(AVAILABLE DATA):

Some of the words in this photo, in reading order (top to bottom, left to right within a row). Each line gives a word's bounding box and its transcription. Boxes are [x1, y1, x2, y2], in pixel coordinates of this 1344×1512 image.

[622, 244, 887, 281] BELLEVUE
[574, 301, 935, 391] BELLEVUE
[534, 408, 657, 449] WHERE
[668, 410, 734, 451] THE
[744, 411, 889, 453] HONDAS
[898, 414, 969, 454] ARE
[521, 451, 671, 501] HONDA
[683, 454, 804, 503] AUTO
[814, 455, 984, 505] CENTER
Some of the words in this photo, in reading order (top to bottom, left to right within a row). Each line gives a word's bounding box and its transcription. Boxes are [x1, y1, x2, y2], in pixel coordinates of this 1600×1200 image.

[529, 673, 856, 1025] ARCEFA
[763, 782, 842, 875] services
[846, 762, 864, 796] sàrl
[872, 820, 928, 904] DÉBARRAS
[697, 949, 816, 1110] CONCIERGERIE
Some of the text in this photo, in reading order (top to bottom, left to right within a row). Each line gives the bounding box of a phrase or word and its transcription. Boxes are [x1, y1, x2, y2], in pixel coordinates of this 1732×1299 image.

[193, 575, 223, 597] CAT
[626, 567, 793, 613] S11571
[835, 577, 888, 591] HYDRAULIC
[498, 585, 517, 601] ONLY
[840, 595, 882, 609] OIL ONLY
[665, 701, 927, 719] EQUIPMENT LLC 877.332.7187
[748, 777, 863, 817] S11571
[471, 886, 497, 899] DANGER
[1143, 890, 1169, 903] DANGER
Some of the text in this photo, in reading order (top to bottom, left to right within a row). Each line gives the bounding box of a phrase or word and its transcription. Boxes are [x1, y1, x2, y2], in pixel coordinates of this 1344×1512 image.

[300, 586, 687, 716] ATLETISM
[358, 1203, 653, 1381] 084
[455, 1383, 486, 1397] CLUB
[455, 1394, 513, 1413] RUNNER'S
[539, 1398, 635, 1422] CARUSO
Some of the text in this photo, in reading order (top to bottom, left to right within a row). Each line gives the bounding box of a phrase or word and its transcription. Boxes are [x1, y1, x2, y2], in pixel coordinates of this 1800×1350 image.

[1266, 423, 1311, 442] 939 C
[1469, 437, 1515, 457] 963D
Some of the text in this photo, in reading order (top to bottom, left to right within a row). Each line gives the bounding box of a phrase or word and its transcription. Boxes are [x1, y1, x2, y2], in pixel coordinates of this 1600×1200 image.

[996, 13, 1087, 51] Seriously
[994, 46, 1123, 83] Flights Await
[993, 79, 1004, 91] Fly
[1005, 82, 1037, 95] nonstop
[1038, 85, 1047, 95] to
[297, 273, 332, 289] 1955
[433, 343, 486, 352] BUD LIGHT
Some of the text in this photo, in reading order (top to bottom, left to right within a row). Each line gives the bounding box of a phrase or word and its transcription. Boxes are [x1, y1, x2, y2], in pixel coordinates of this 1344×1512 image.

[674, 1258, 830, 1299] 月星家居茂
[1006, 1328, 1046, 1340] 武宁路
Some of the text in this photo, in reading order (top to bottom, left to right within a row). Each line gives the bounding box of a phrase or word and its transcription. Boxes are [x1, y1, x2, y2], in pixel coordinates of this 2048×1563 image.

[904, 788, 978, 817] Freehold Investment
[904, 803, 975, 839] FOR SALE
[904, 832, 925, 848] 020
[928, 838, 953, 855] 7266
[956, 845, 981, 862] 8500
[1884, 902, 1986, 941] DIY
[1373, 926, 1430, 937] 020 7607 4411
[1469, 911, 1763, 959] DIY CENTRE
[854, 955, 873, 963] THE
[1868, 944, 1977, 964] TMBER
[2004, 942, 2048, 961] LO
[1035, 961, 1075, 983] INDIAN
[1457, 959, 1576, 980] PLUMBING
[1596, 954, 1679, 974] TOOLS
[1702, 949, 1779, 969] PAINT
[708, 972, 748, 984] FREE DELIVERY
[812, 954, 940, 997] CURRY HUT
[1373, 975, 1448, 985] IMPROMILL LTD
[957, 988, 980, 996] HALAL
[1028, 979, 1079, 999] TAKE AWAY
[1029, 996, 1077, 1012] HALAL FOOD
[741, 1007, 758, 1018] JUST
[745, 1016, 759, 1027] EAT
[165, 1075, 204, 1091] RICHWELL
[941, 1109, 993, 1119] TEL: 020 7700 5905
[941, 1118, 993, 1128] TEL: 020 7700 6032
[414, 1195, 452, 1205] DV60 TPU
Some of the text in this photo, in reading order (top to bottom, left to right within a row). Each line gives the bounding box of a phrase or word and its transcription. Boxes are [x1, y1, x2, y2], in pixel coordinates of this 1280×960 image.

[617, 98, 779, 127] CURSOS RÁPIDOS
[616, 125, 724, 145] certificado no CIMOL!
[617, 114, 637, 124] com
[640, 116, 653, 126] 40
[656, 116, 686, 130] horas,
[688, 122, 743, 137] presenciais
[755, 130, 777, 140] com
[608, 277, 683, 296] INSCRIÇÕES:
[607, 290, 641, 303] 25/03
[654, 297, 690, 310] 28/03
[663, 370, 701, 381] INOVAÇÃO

(TASK GOAL): Type the data again exactly. Leave nothing out.

(RESPONSE AREA):
Some of the words in this photo, in reading order (top to bottom, left to right within a row). Each line gives a word's bounding box and its transcription. Boxes are [x1, y1, x2, y2], in pixel coordinates of this 1344×1512 image.

[622, 244, 887, 281] BELLEVUE
[574, 301, 935, 391] BELLEVUE
[534, 408, 657, 449] WHERE
[668, 410, 734, 451] THE
[744, 411, 889, 453] HONDAS
[898, 414, 969, 454] ARE
[521, 451, 671, 501] HONDA
[683, 454, 804, 503] AUTO
[814, 455, 984, 505] CENTER
Some of the words in this photo, in reading order (top to bottom, left to right within a row). Each line gives a word's bounding box and its transcription. Boxes are [x1, y1, x2, y2], in pixel coordinates of this 1600×1200 image.

[529, 673, 856, 1025] ARCEFA
[763, 782, 842, 875] services
[846, 762, 864, 796] sàrl
[872, 820, 928, 904] DÉBARRAS
[697, 949, 816, 1110] CONCIERGERIE
Some of the text in this photo, in reading order (top to bottom, left to right within a row). Each line gives the bounding box of a phrase or word and its transcription. Boxes are [x1, y1, x2, y2], in pixel coordinates of this 1732×1299 image.

[193, 575, 223, 597] CAT
[626, 567, 793, 613] S11571
[835, 577, 888, 591] HYDRAULIC
[498, 585, 517, 601] ONLY
[840, 595, 882, 609] OIL ONLY
[665, 701, 927, 719] EQUIPMENT LLC 877.332.7187
[748, 777, 863, 817] S11571
[471, 886, 497, 899] DANGER
[1143, 890, 1169, 903] DANGER
Some of the text in this photo, in reading order (top to bottom, left to right within a row). Each line gives the bounding box of a phrase or word and its transcription. Boxes are [x1, y1, x2, y2], in pixel coordinates of this 1344×1512 image.

[300, 586, 687, 716] ATLETISM
[358, 1203, 653, 1381] 084
[455, 1383, 486, 1397] CLUB
[455, 1394, 513, 1413] RUNNER'S
[539, 1398, 635, 1422] CARUSO
Some of the text in this photo, in reading order (top to bottom, left to right within a row). Each line gives the bounding box of a phrase or word and its transcription. Boxes are [x1, y1, x2, y2], in pixel coordinates of this 1800×1350 image.

[1266, 423, 1311, 442] 939 C
[1469, 437, 1515, 457] 963D
Some of the text in this photo, in reading order (top to bottom, left to right within a row). Each line gives the bounding box of a phrase or word and its transcription. Boxes are [x1, y1, x2, y2], in pixel coordinates of this 1600×1200 image.

[996, 13, 1087, 51] Seriously
[994, 46, 1123, 83] Flights Await
[993, 79, 1004, 91] Fly
[1005, 82, 1037, 95] nonstop
[1038, 85, 1047, 95] to
[297, 273, 332, 289] 1955
[433, 343, 486, 352] BUD LIGHT
Some of the text in this photo, in reading order (top to bottom, left to right within a row). Each line gives the bounding box of a phrase or word and its transcription. Boxes are [x1, y1, x2, y2], in pixel coordinates of this 1344×1512 image.

[674, 1258, 830, 1299] 月星家居茂
[1006, 1328, 1046, 1340] 武宁路
Some of the text in this photo, in reading order (top to bottom, left to right within a row). Each line gives the bounding box of a phrase or word and its transcription. Boxes are [x1, y1, x2, y2], in pixel coordinates of this 2048×1563 image.

[904, 788, 978, 817] Freehold Investment
[904, 803, 975, 839] FOR SALE
[904, 832, 925, 848] 020
[928, 838, 953, 855] 7266
[956, 845, 981, 862] 8500
[1884, 902, 1986, 941] DIY
[1373, 926, 1430, 937] 020 7607 4411
[1469, 911, 1763, 959] DIY CENTRE
[854, 955, 873, 963] THE
[1868, 944, 1977, 964] TMBER
[2004, 942, 2048, 961] LO
[1035, 961, 1075, 983] INDIAN
[1457, 959, 1576, 980] PLUMBING
[1596, 954, 1679, 974] TOOLS
[1702, 949, 1779, 969] PAINT
[708, 972, 748, 984] FREE DELIVERY
[812, 954, 940, 997] CURRY HUT
[1373, 975, 1448, 985] IMPROMILL LTD
[957, 988, 980, 996] HALAL
[1028, 979, 1079, 999] TAKE AWAY
[1029, 996, 1077, 1012] HALAL FOOD
[741, 1007, 758, 1018] JUST
[745, 1016, 759, 1027] EAT
[165, 1075, 204, 1091] RICHWELL
[941, 1109, 993, 1119] TEL: 020 7700 5905
[941, 1118, 993, 1128] TEL: 020 7700 6032
[414, 1195, 452, 1205] DV60 TPU
Some of the text in this photo, in reading order (top to bottom, left to right within a row). Each line gives the bounding box of a phrase or word and its transcription. Boxes are [x1, y1, x2, y2], in pixel coordinates of this 1280×960 image.

[617, 98, 779, 127] CURSOS RÁPIDOS
[616, 125, 724, 145] certificado no CIMOL!
[617, 114, 637, 124] com
[640, 116, 653, 126] 40
[656, 116, 686, 130] horas,
[688, 122, 743, 137] presenciais
[755, 130, 777, 140] com
[608, 277, 683, 296] INSCRIÇÕES:
[607, 290, 641, 303] 25/03
[654, 297, 690, 310] 28/03
[663, 370, 701, 381] INOVAÇÃO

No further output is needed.